## RECORD SET
_ _ _ _ _
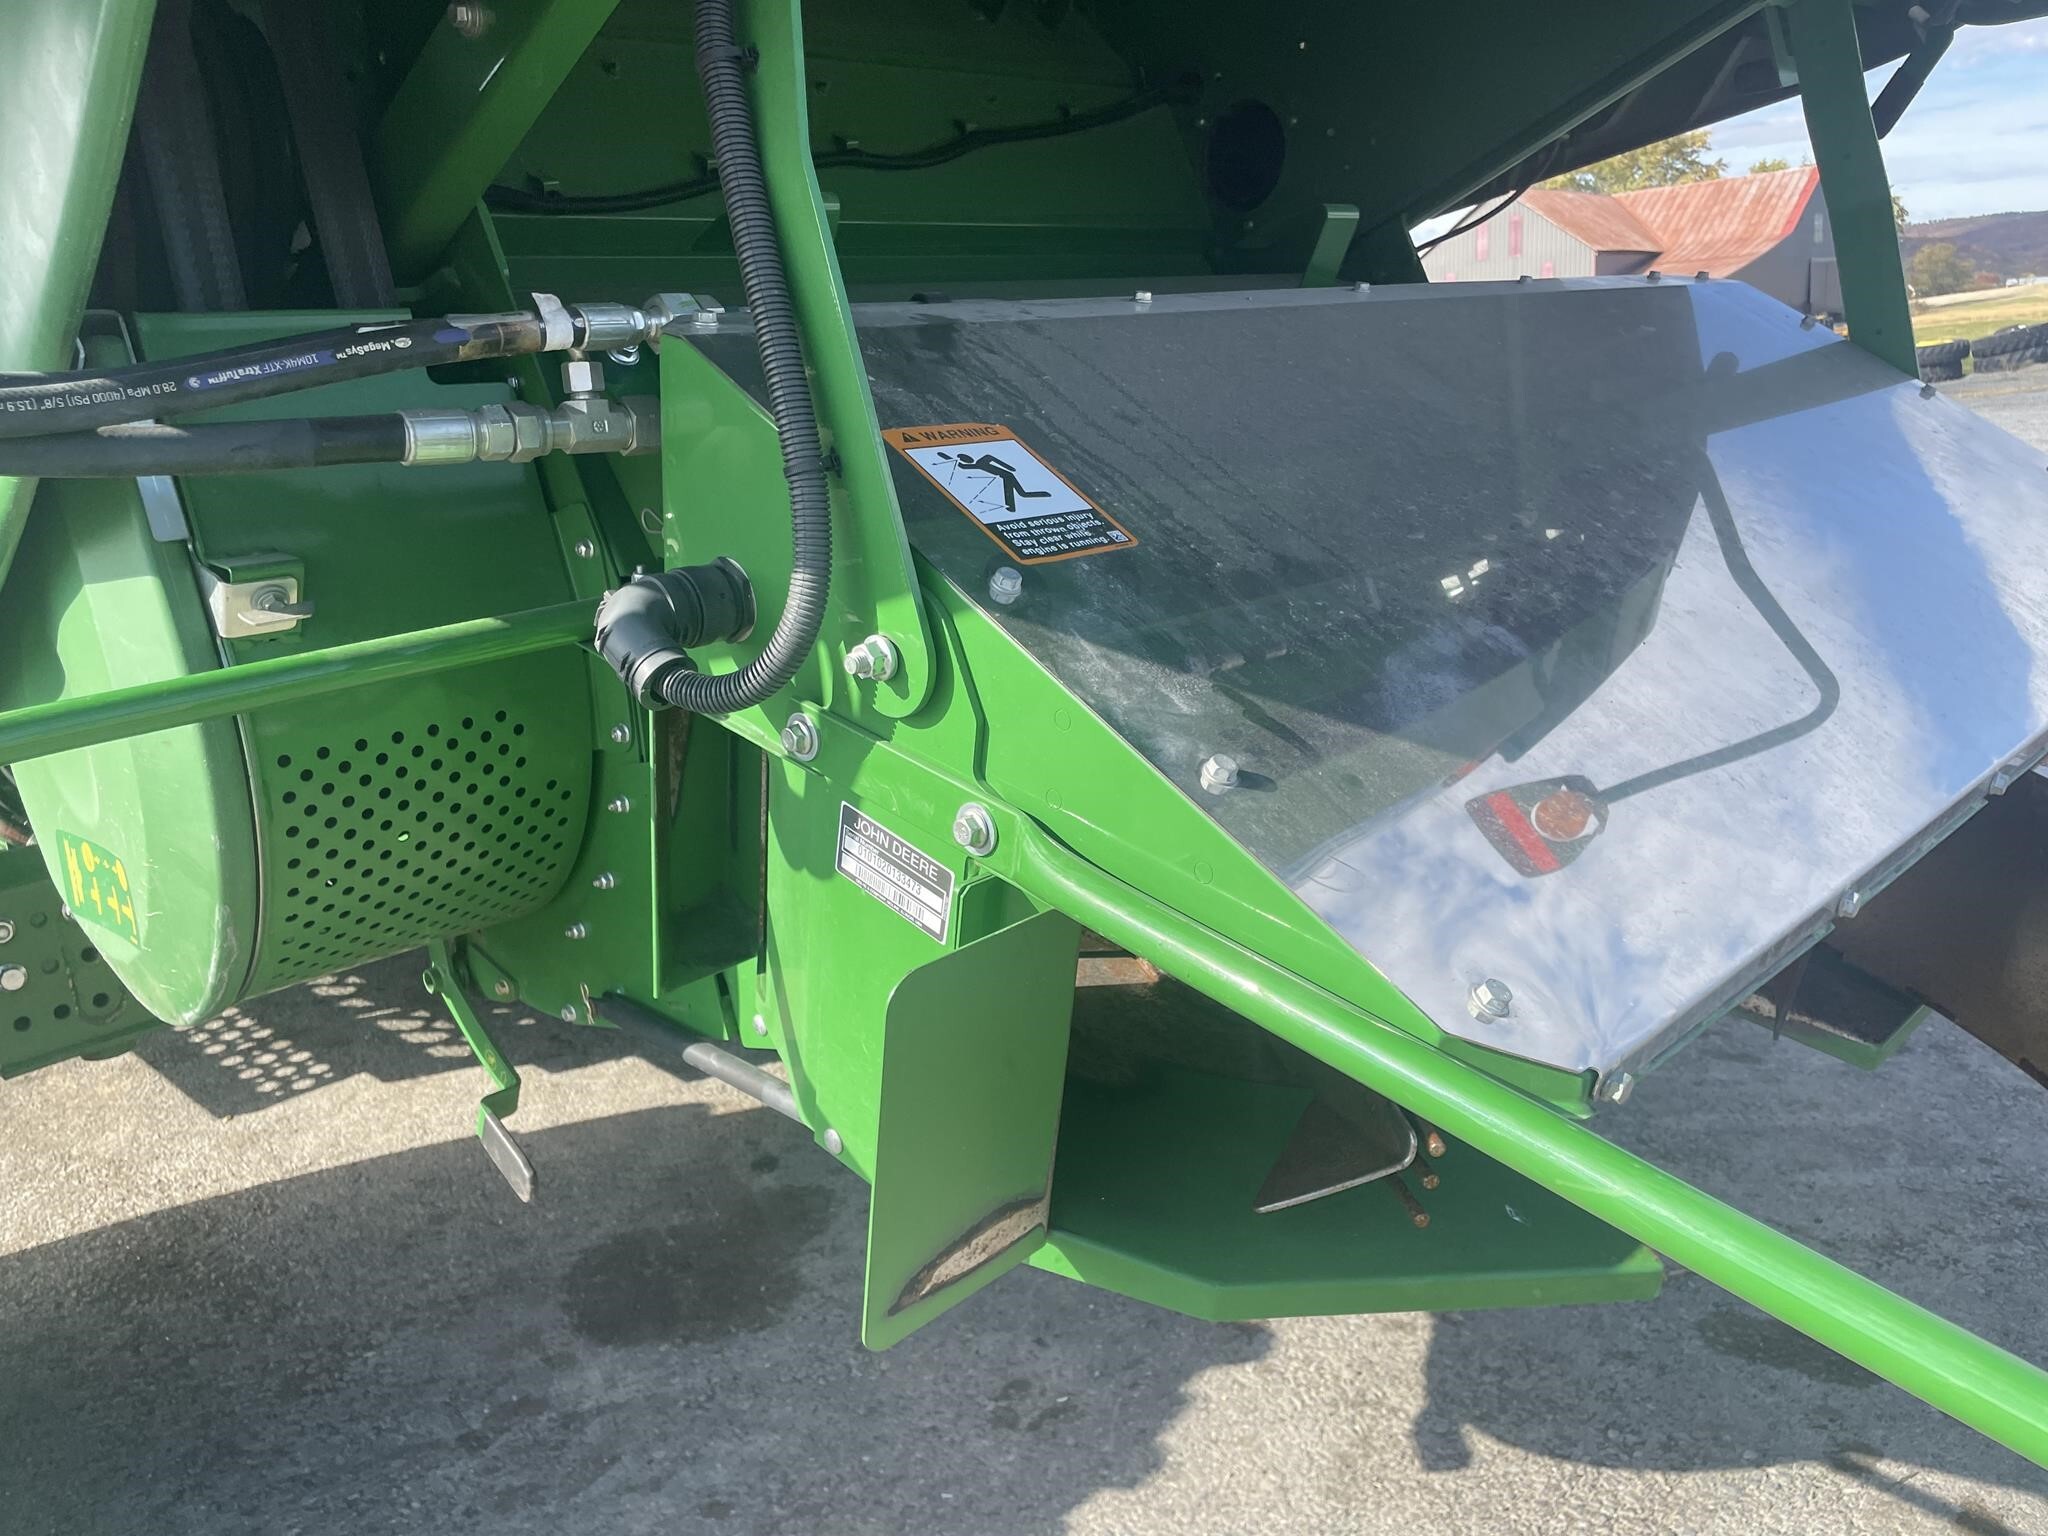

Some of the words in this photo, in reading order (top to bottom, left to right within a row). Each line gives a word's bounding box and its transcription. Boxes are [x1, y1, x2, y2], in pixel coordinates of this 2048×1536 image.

[263, 353, 320, 373] 10M4K-XTF
[126, 385, 151, 398] MPa
[152, 381, 177, 395] 28.0
[919, 425, 999, 441] WARNING
[996, 521, 1025, 533] Avoid
[1028, 516, 1063, 529] serious
[1064, 511, 1094, 524] injury
[1003, 528, 1030, 540] from
[1030, 525, 1066, 537] thrown
[1067, 518, 1105, 533] objects.
[1012, 536, 1039, 549] Stay
[1040, 532, 1064, 545] clear
[1064, 530, 1091, 543] while
[1021, 543, 1057, 557] engine
[1057, 542, 1068, 552] is
[1069, 536, 1110, 551] running.
[853, 817, 890, 849] JOHN
[892, 840, 939, 882] DEERE
_ _ _ _ _
## TASK TO COMPLETE
Having removed the pictures, write out the records exactly as they stand.

## TASK RESPONSE
Some of the words in this photo, in reading order (top to bottom, left to right within a row). Each line gives a word's bounding box and its transcription. Boxes are [x1, y1, x2, y2], in pixel coordinates of this 2048×1536 image.

[263, 353, 320, 373] 10M4K-XTF
[126, 385, 151, 398] MPa
[152, 381, 177, 395] 28.0
[919, 425, 999, 441] WARNING
[996, 521, 1025, 533] Avoid
[1028, 516, 1063, 529] serious
[1064, 511, 1094, 524] injury
[1003, 528, 1030, 540] from
[1030, 525, 1066, 537] thrown
[1067, 518, 1105, 533] objects.
[1012, 536, 1039, 549] Stay
[1040, 532, 1064, 545] clear
[1064, 530, 1091, 543] while
[1021, 543, 1057, 557] engine
[1057, 542, 1068, 552] is
[1069, 536, 1110, 551] running.
[853, 817, 890, 849] JOHN
[892, 840, 939, 882] DEERE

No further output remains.